▶ WHAT TO PRODUCE
The data below is to be output in full, unchanged.

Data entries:

----------

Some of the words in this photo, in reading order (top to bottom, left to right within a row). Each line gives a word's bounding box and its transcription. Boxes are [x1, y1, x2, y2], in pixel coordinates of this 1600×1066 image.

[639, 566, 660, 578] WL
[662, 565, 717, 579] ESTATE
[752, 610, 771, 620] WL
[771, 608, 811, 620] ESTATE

----------

▶ RESPONSE FOR THIS EXERCISE
Some of the words in this photo, in reading order (top to bottom, left to right within a row). Each line gives a word's bounding box and its transcription. Boxes are [x1, y1, x2, y2], in pixel coordinates of this 1600×1066 image.

[639, 566, 660, 578] WL
[662, 565, 717, 579] ESTATE
[752, 610, 771, 620] WL
[771, 608, 811, 620] ESTATE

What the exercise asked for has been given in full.